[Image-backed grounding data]
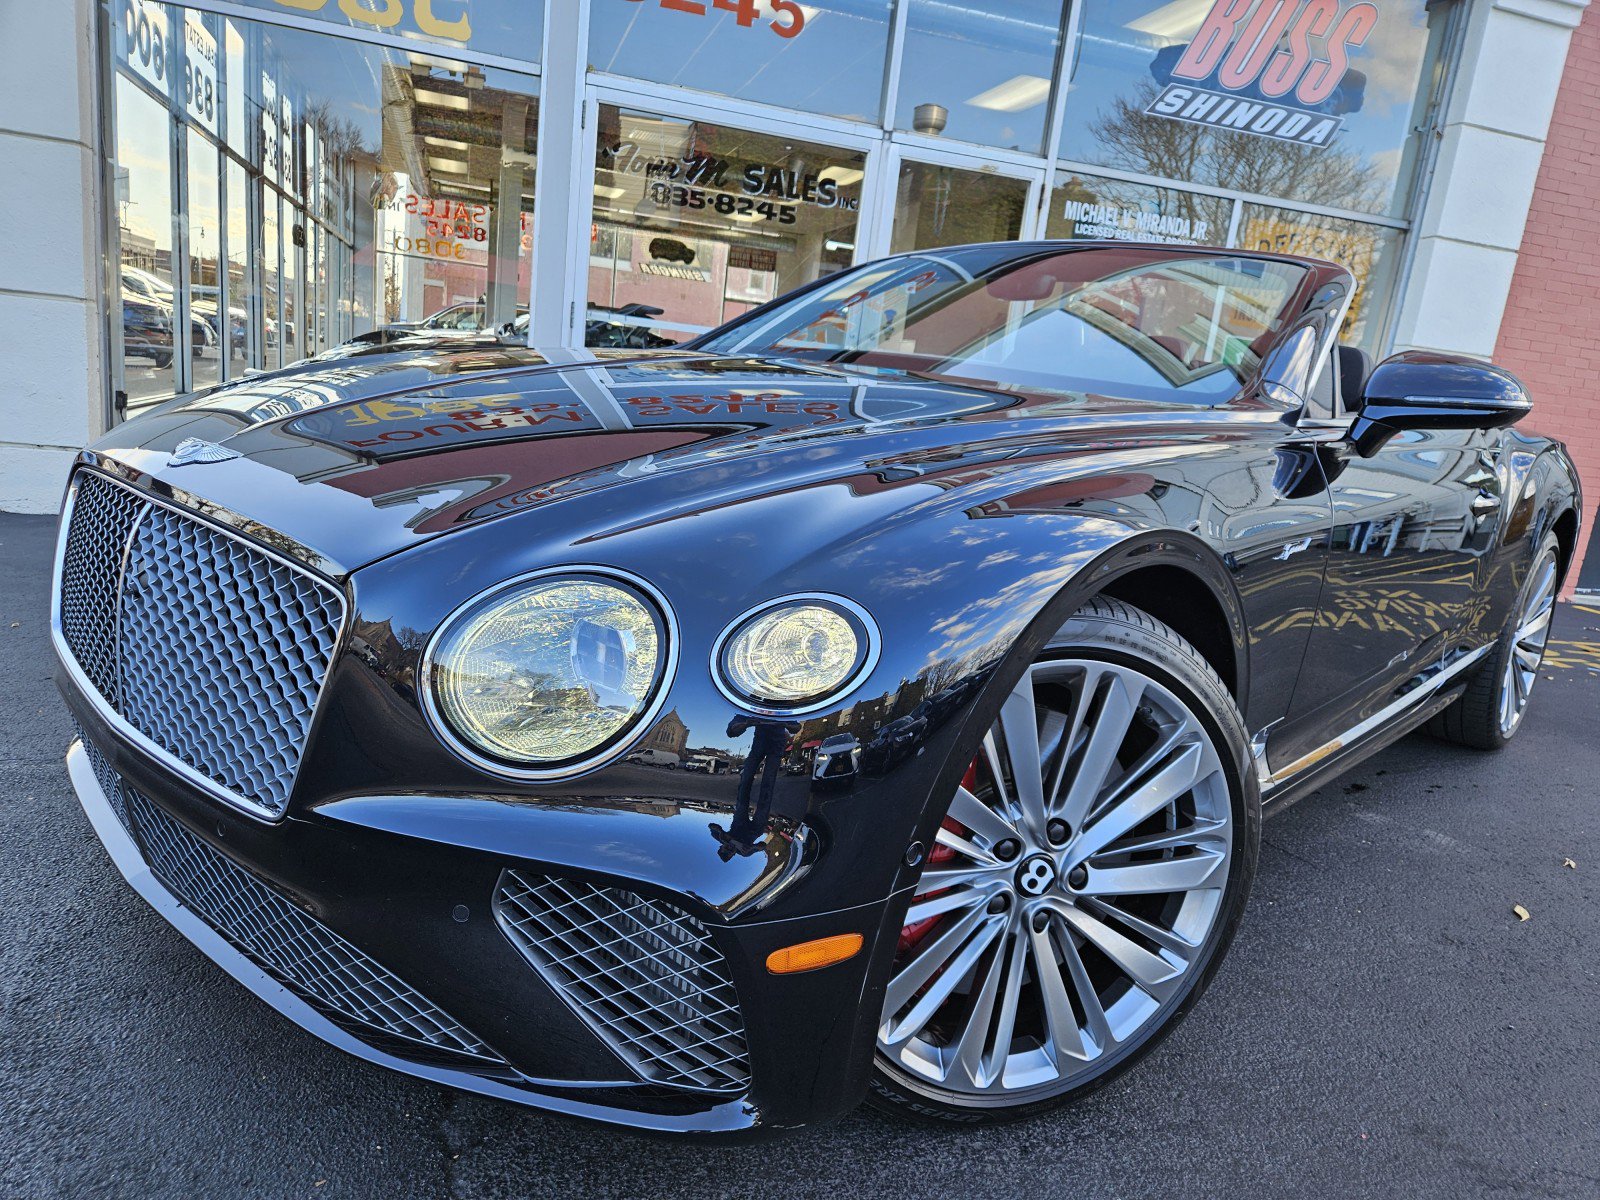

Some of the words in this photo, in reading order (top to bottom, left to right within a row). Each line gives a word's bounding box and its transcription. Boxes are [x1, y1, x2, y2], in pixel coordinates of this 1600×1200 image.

[1171, 0, 1379, 105] BOSS
[1154, 88, 1337, 144] SHINODA
[742, 162, 838, 208] SALES
[1064, 200, 1120, 227] MICHAEL
[1135, 211, 1192, 238] MIRANDA

:: EXERCISE BRIEF ::
Output the records above exactly as they are, leaving out the pictures.

:: TASK RESPONSE ::
Some of the words in this photo, in reading order (top to bottom, left to right within a row). Each line gives a word's bounding box and its transcription. Boxes are [x1, y1, x2, y2], in pixel coordinates of this 1600×1200 image.

[1171, 0, 1379, 105] BOSS
[1154, 88, 1337, 144] SHINODA
[742, 162, 838, 208] SALES
[1064, 200, 1120, 227] MICHAEL
[1135, 211, 1192, 238] MIRANDA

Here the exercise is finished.